In families with multiple generations of prostate cancer victims
(i.e., grandfather, father and son), we certainly stress screening
as strongly as possible. The more relatives in the family with prostate
cancer, the higher the risk. The brothers and fathers of men with
prostate cancer should also be screened.
The impact of personal experience with illness
on clinical practice
I do not usually share this information with my patients, but
six years ago my husband was diagnosed with a low-grade brain tumor.
I have firsthand experience with how illness and difficult decisions
about surgery, radiation and medicine affect people, relationships
and outlook on life. Although I have been a practicing oncologist
for 10 or 12 years, I felt ill equipped to handle these burdens.

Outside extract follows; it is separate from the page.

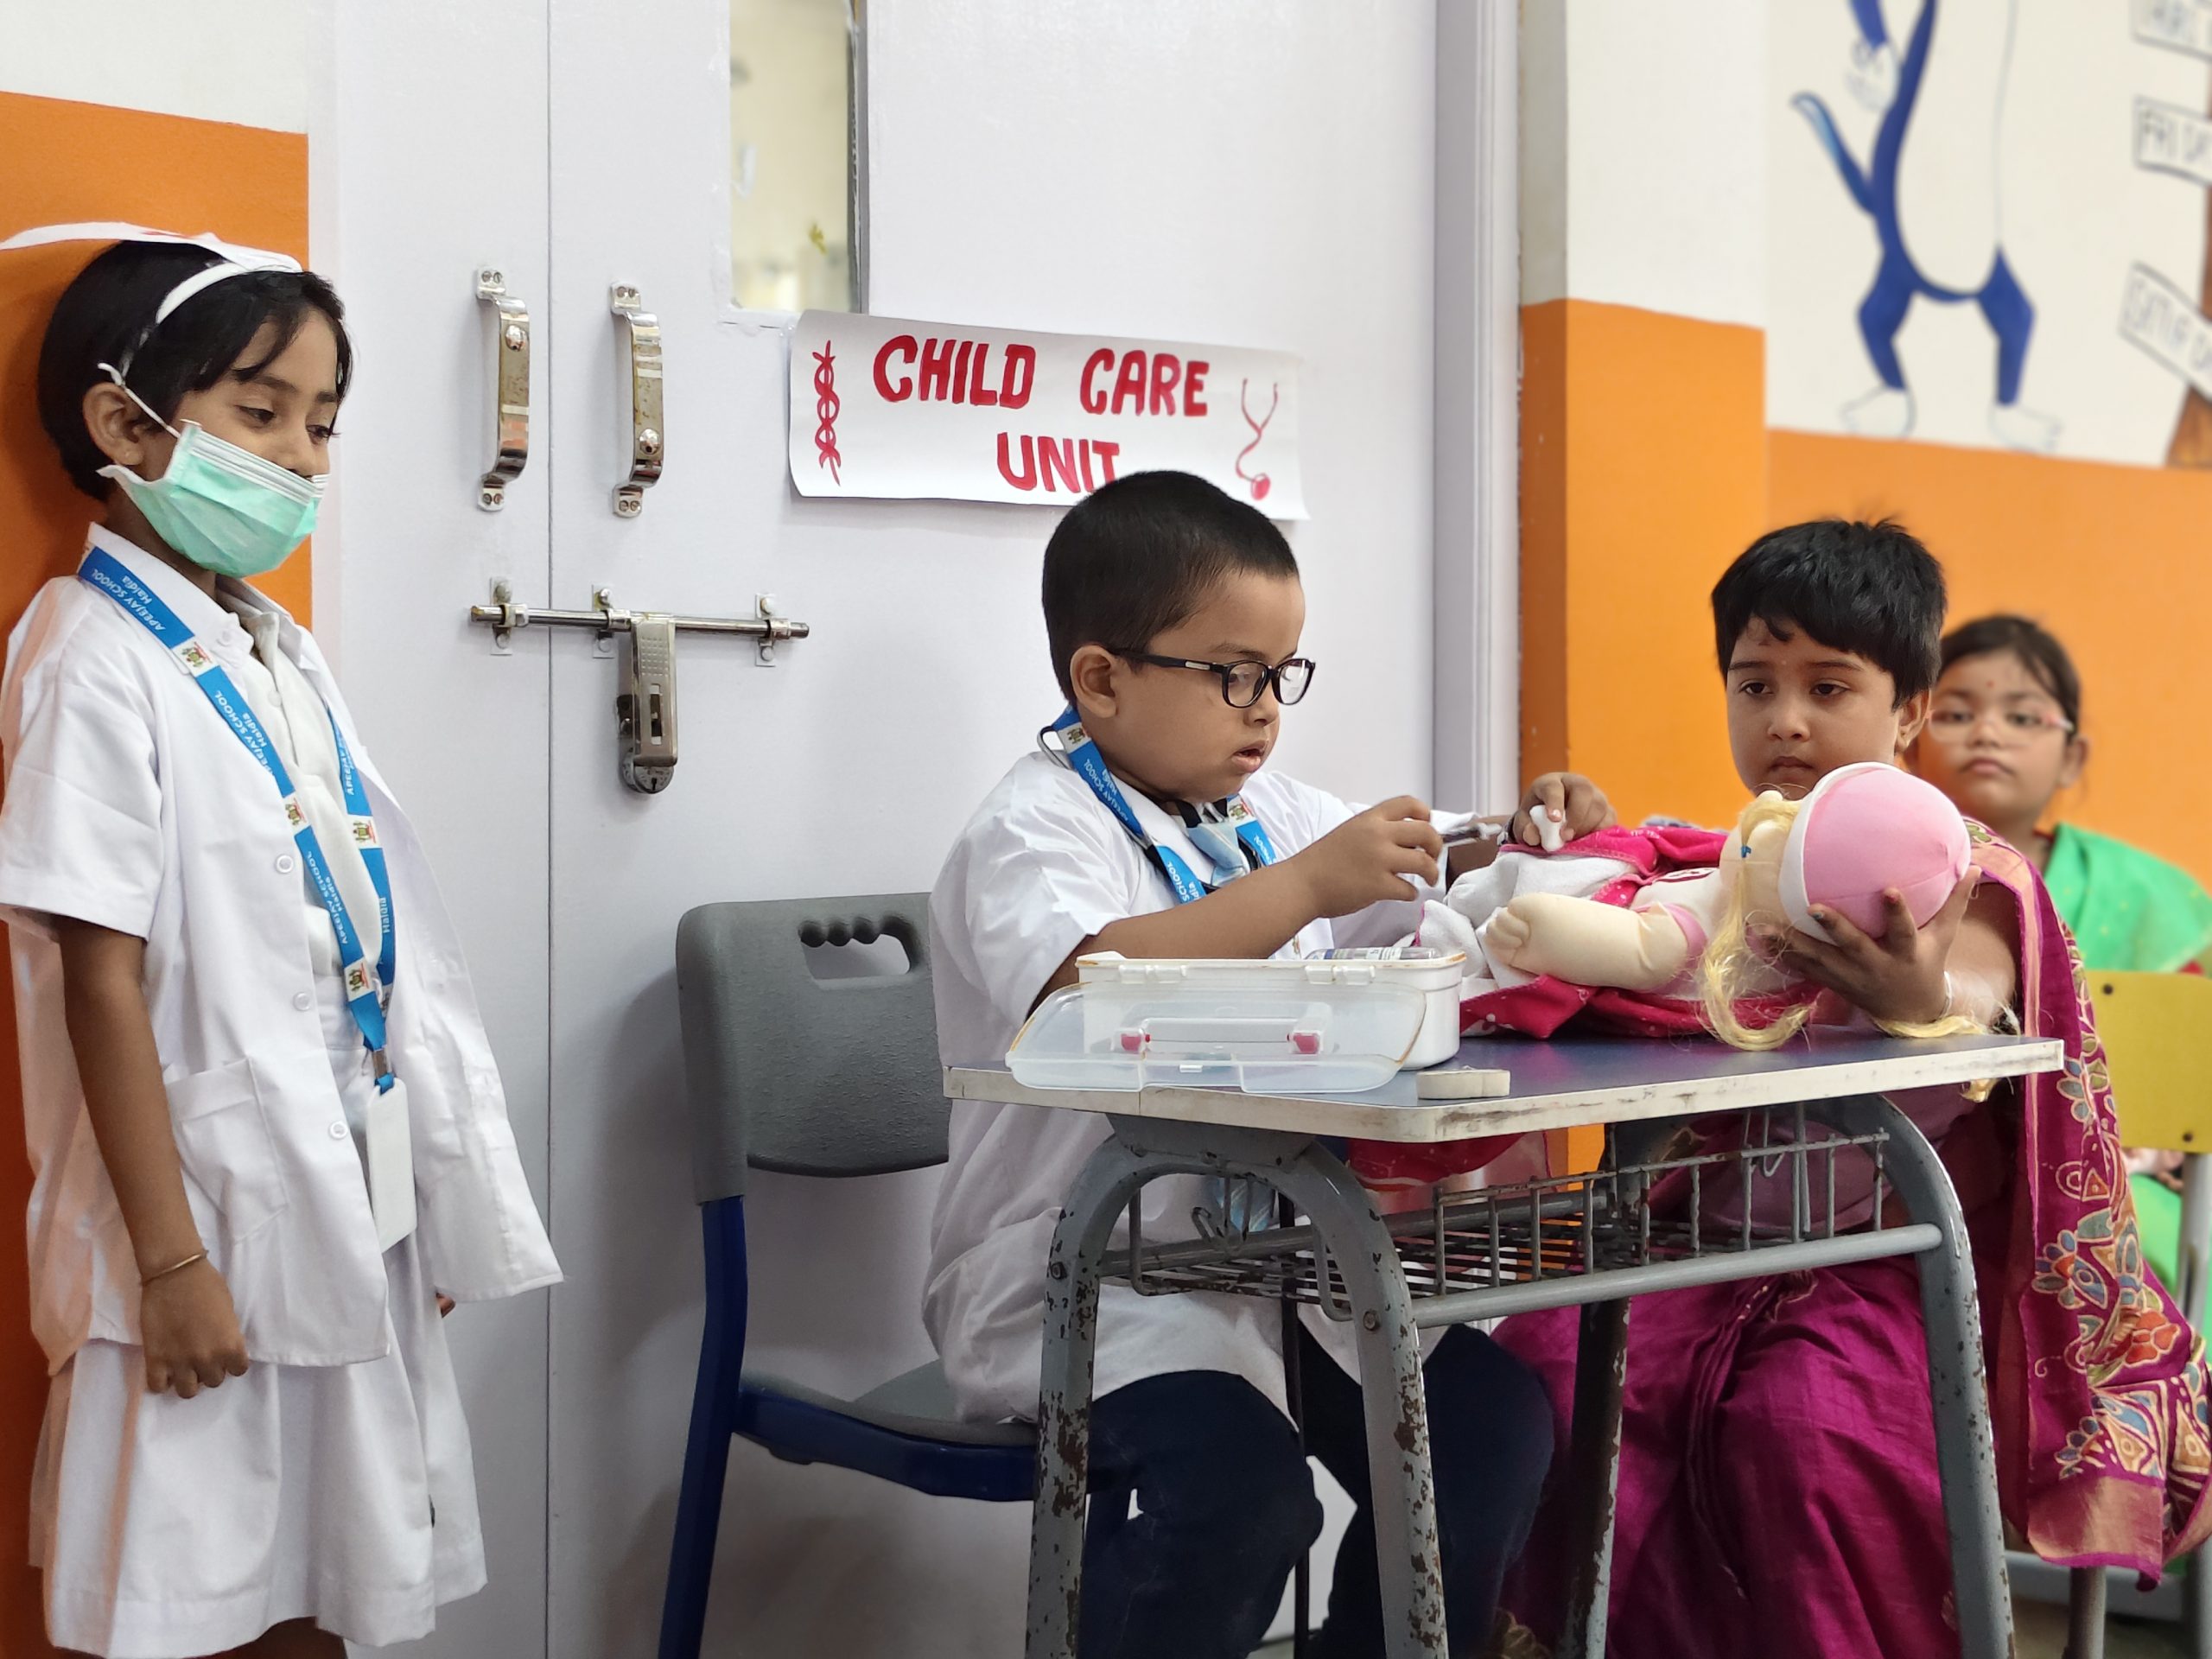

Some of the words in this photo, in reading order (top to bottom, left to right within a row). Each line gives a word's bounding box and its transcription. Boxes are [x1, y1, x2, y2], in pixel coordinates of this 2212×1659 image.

Through a variety of different avenues I have learned to deal with
these issues, and it has improved my skills as a clinical oncologist
incredibly.
I am willing to take more time to listen to patients. Before,
I made assumptions about who they were and what they needed. Now,
I hear and empathize with them better. I also have a much better
perception that the patient and his family often view this disease
and its treatments very differently. It is a cliché, but
prostate cancer affects an entire network of lives. Nobody teaches
you these things in fellowship or residency. The focus is always
on the patient, the surgery and the medicine.

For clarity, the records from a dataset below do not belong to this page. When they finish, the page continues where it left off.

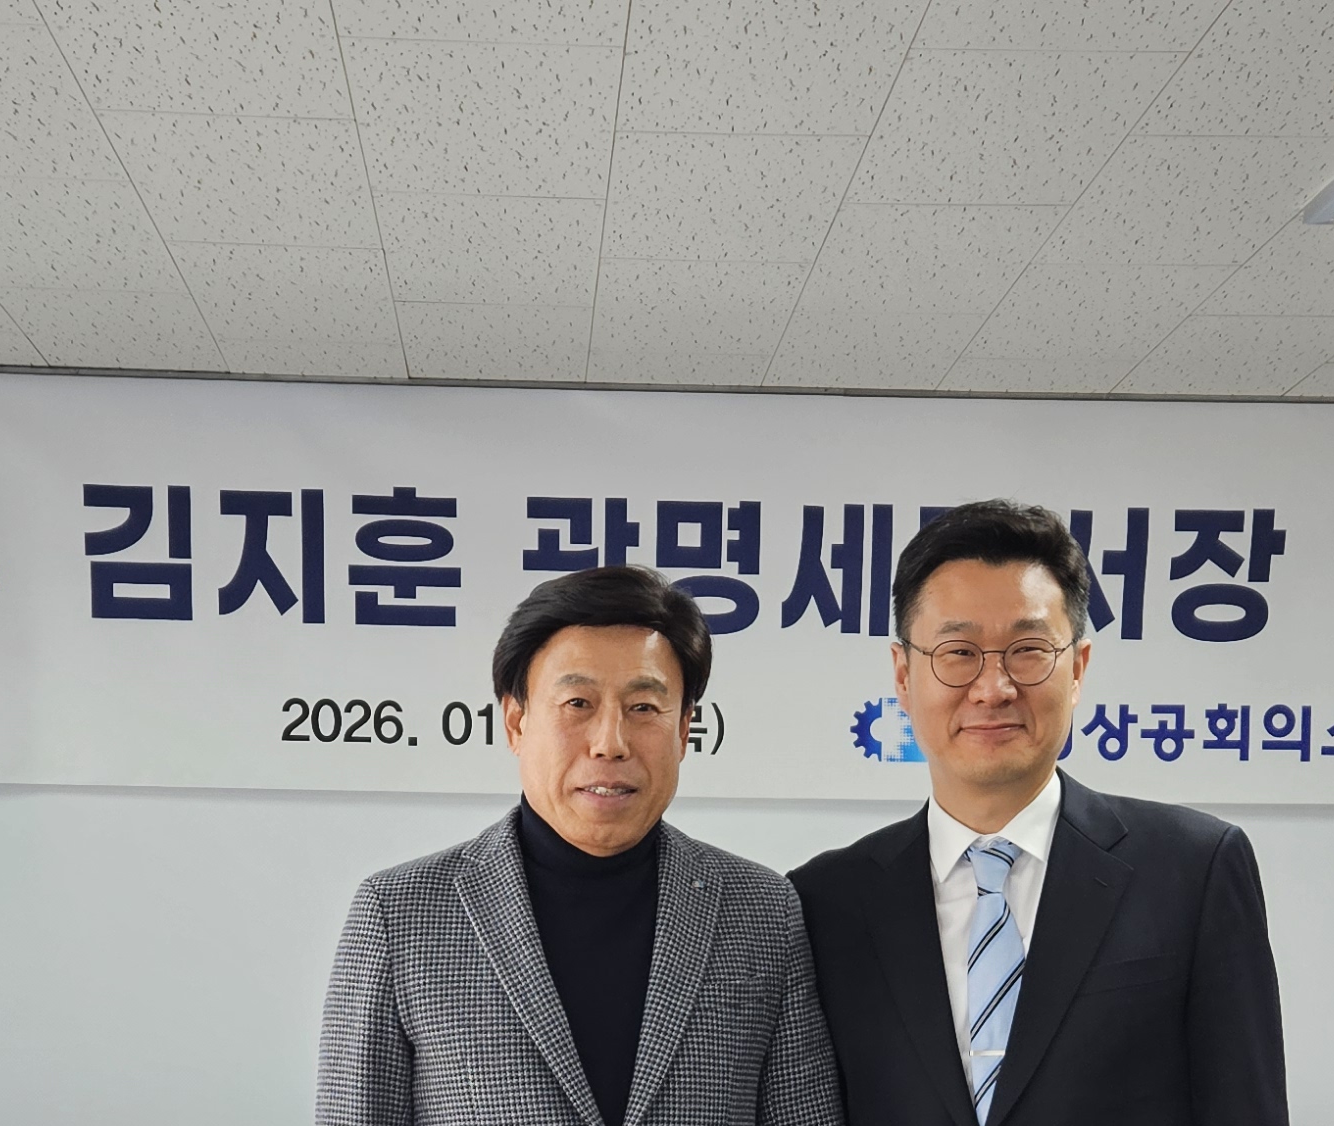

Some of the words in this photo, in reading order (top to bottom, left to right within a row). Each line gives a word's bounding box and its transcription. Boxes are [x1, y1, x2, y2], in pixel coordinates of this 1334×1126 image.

[82, 483, 462, 627] 김지훈
[522, 496, 1287, 643] 광명세서장
[280, 697, 419, 747] 2026.
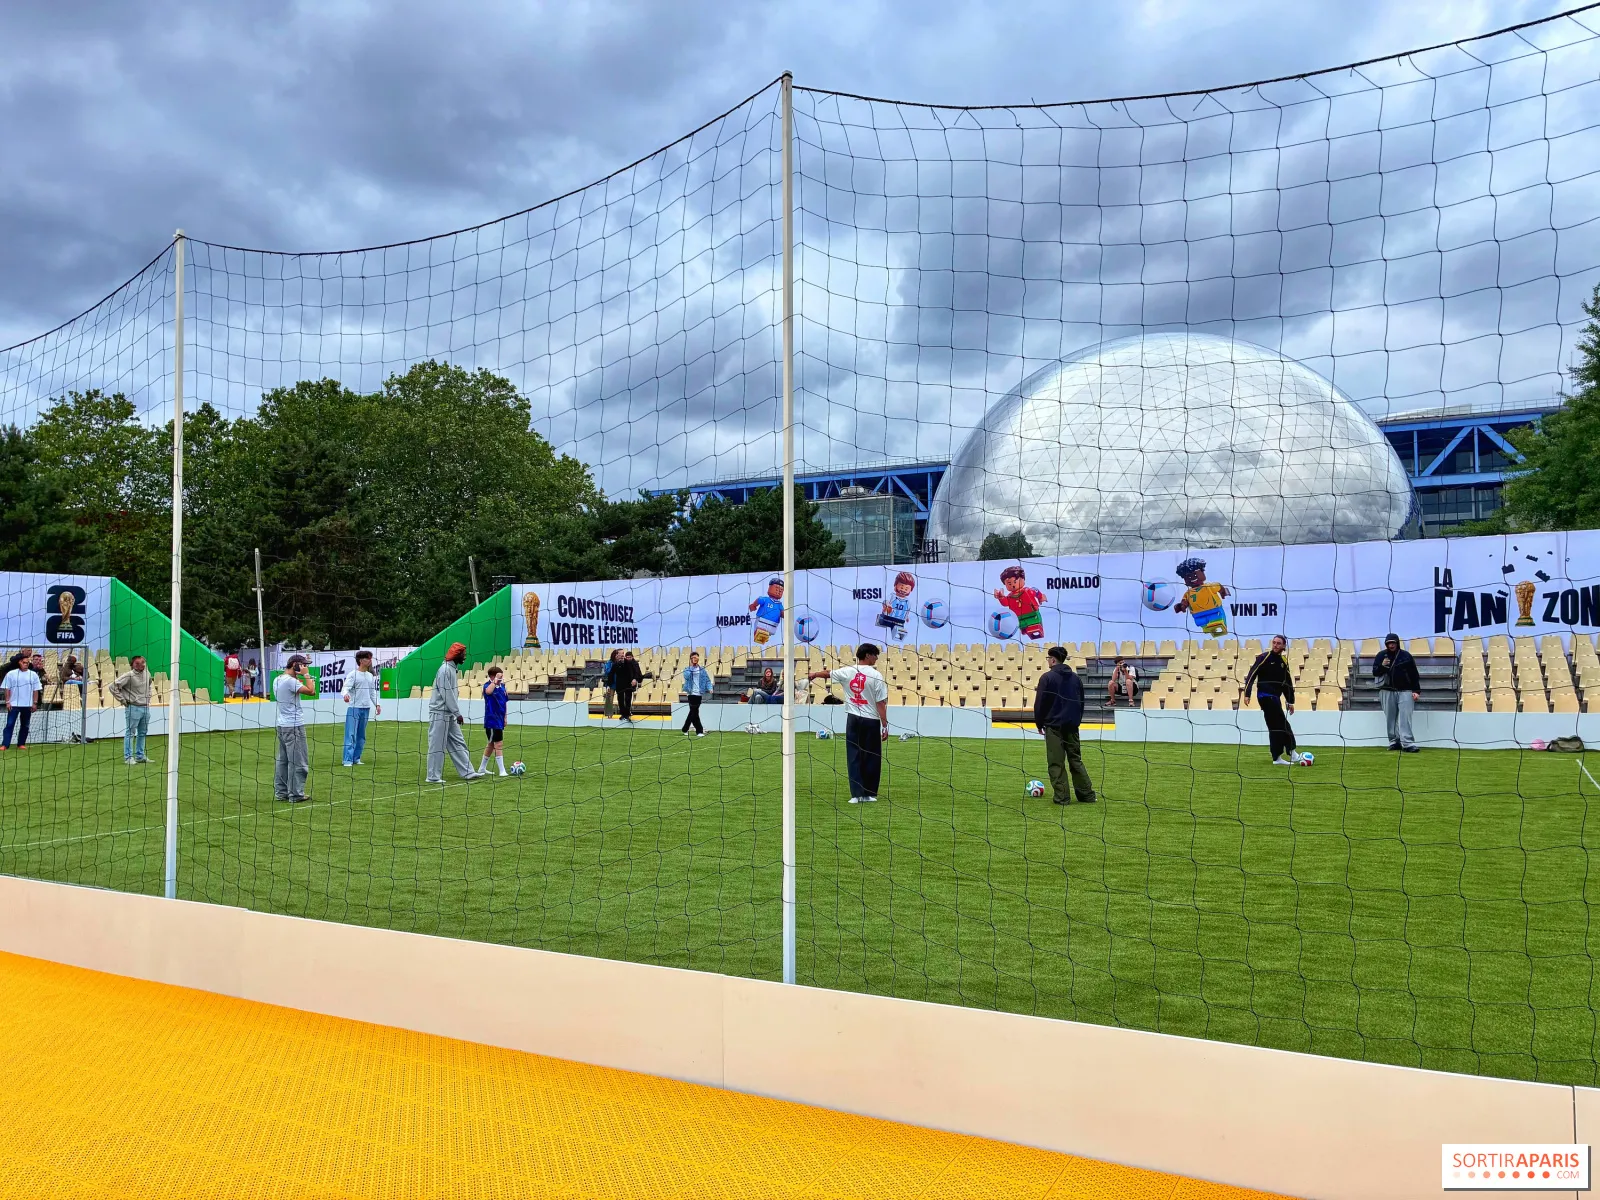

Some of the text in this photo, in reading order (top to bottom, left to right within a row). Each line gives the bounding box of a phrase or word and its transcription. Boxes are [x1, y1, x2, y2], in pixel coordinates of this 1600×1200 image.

[1046, 576, 1100, 590] RONALDO
[1434, 567, 1454, 588] LA
[852, 588, 882, 600] MESSI
[557, 594, 634, 623] CONSTRUISEZ
[1230, 603, 1278, 616] VINI JR
[1434, 584, 1600, 633] FAN ZON
[716, 612, 751, 627] MBAPPÉ
[56, 631, 75, 639] FIFA
[550, 620, 639, 645] VOTRE LÉGENDE

Until you have confronted these burdens personally, it is easy
for a doctor to say, “You should do this” or “You
should do that." However, once you have lived with compromise,
you realize that there is no right or wrong. It was amazing to me
that we went to four different major medical centers and received
four different recommendations. It is difficult for patients to
figure that out.
Instead of telling patients what they should do, it is incredibly
important to provide information by telling them, "This is
what we know, and this is what we do not know. I can’t tell
you what to do, but you need to decide what makes the most sense
to you." Patients do not want to hear that there is not a correct
answer. They want decisions to be black and white, yes or no. Unfortunately,
the issues are too complex for that to be a realistic option.